Task brief
Wherever pictures occur in the entries below, leave them out and retype the rest exactly.

*** Block opens ***

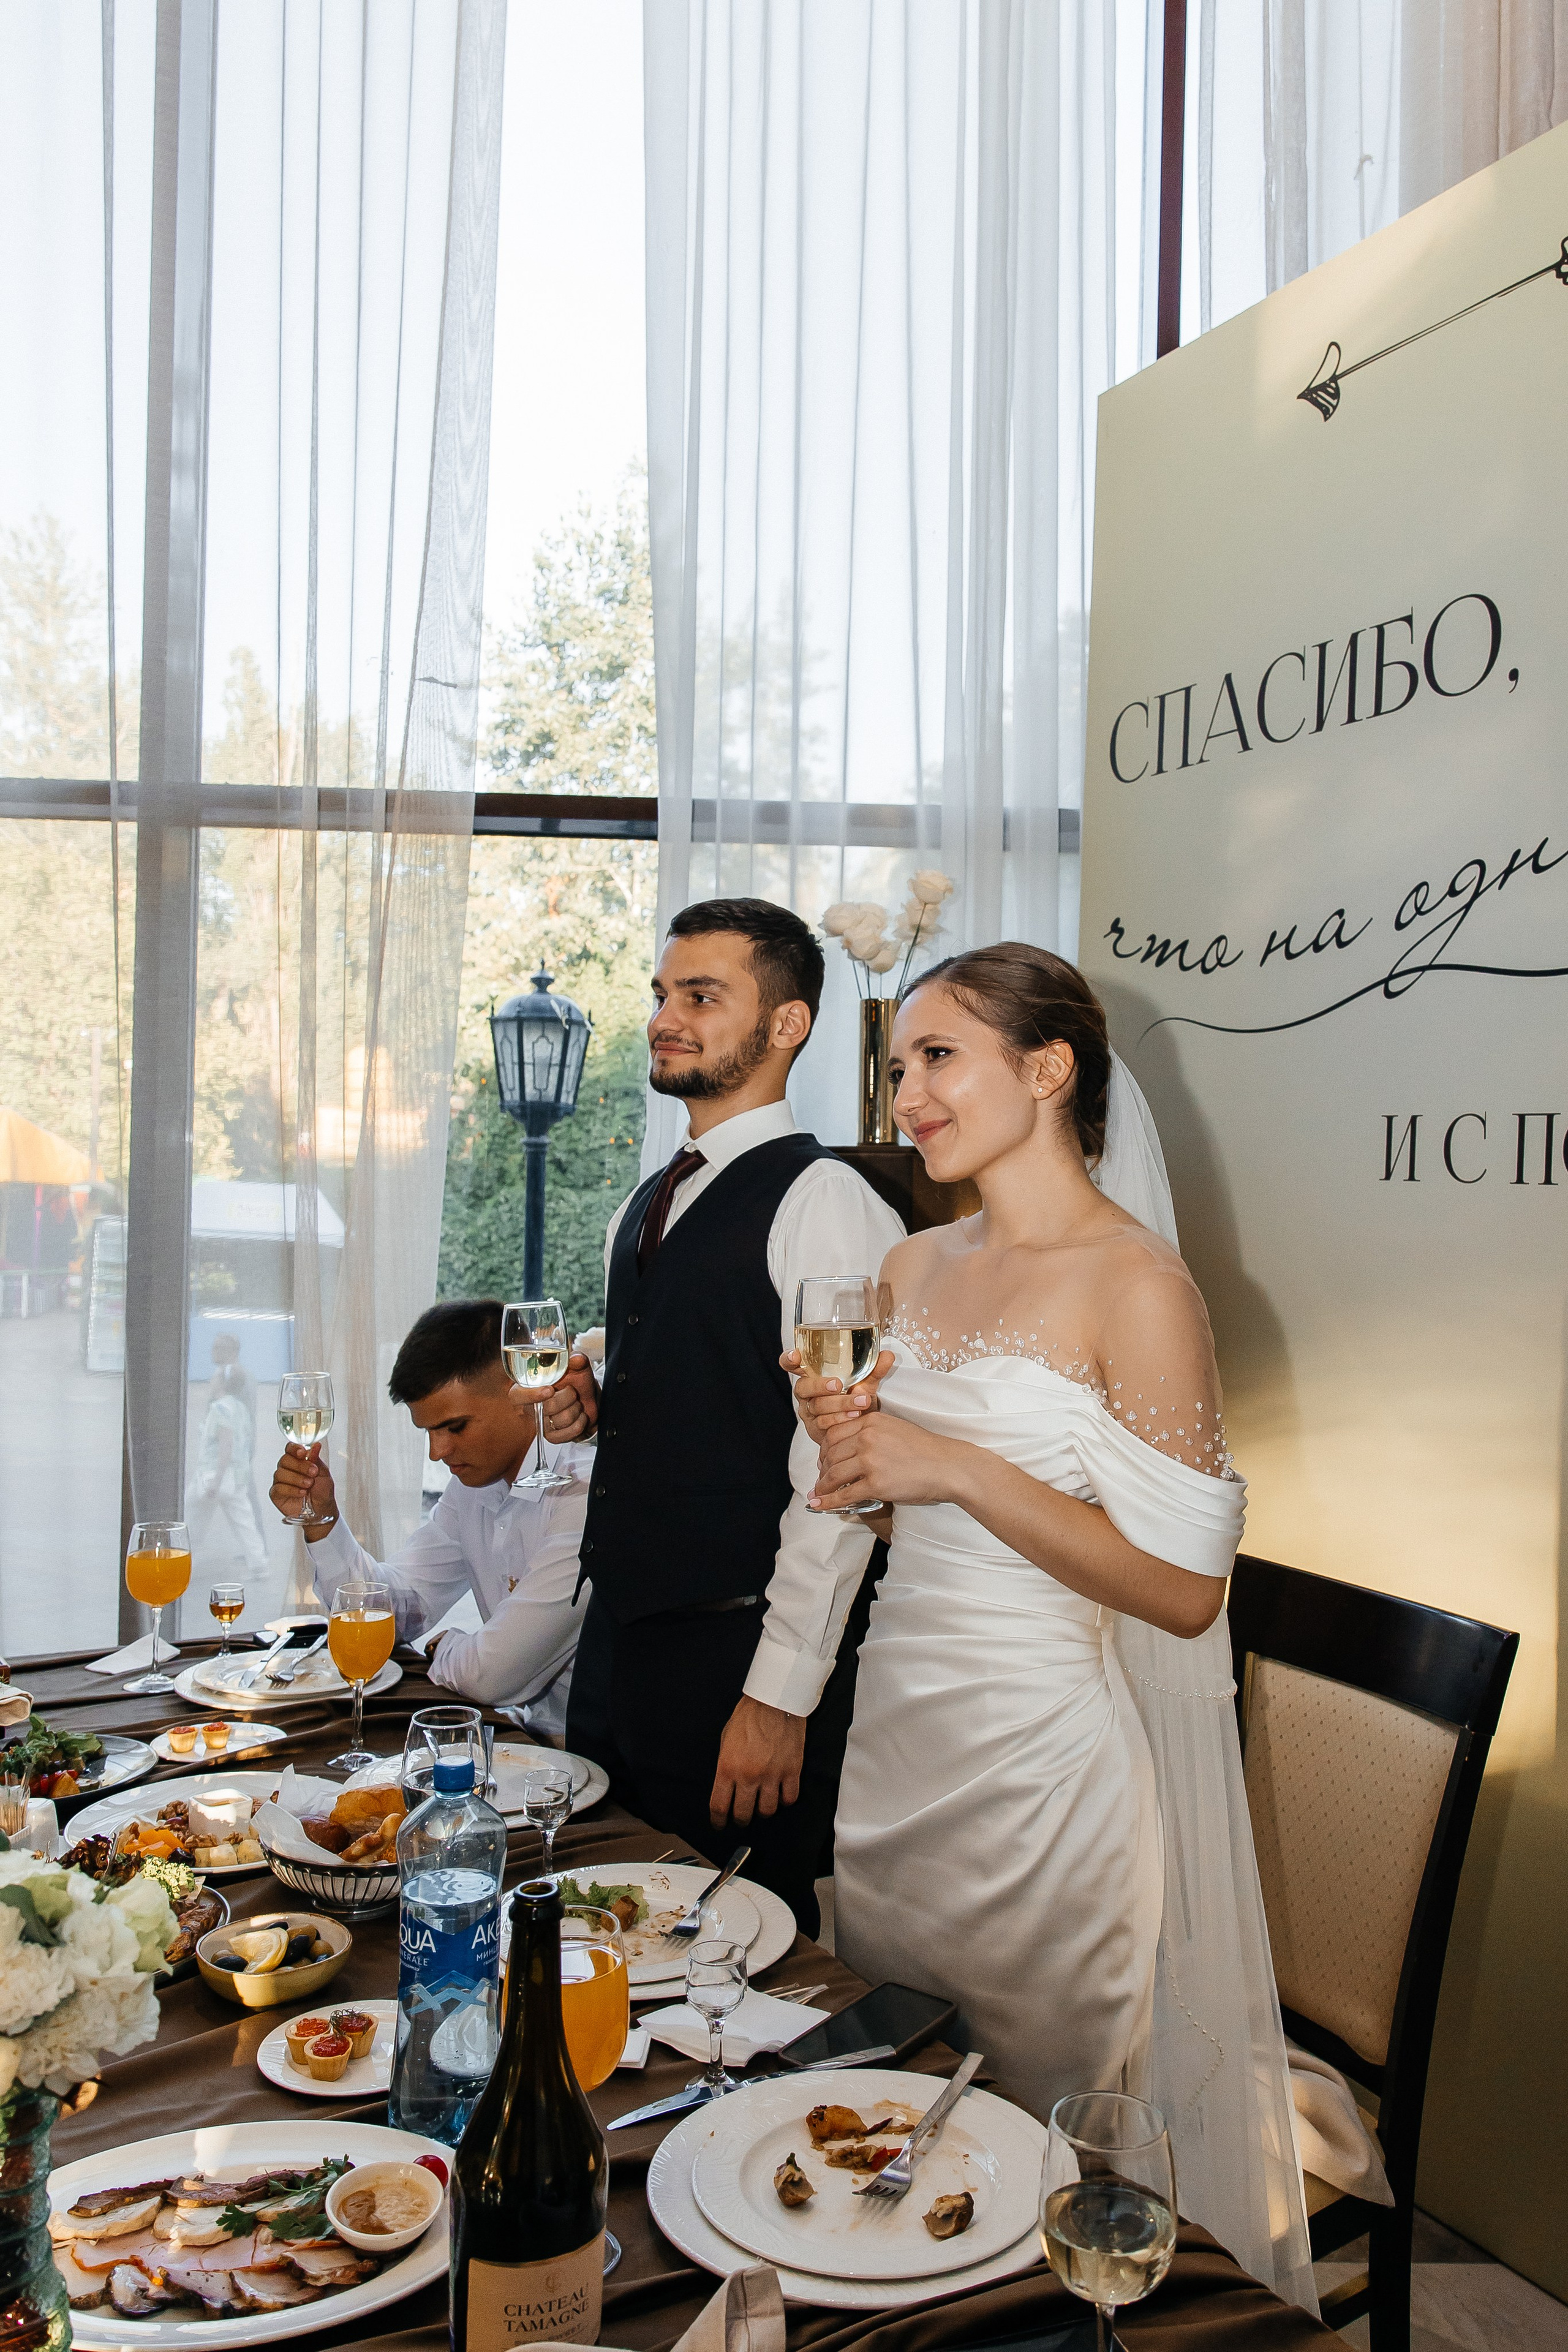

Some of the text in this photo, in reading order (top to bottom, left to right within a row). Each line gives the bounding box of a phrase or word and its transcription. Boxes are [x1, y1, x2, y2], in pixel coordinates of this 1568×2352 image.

[1109, 593, 1520, 783] СПАСИБО,
[1103, 917, 1244, 976] что
[1259, 908, 1373, 968] на
[1509, 1112, 1568, 1186] П
[502, 2299, 589, 2333] TAMAGNE
[503, 2282, 589, 2317] CHATEAU

*** Block closes ***

Task response
Some of the text in this photo, in reading order (top to bottom, left to right within a row). Each line gives the bounding box of a phrase or word and its transcription. Boxes are [x1, y1, x2, y2], in pixel coordinates of this 1568×2352 image.

[1109, 593, 1520, 783] СПАСИБО,
[1103, 917, 1244, 976] что
[1259, 908, 1373, 968] на
[1509, 1112, 1568, 1186] П
[502, 2299, 589, 2333] TAMAGNE
[503, 2282, 589, 2317] CHATEAU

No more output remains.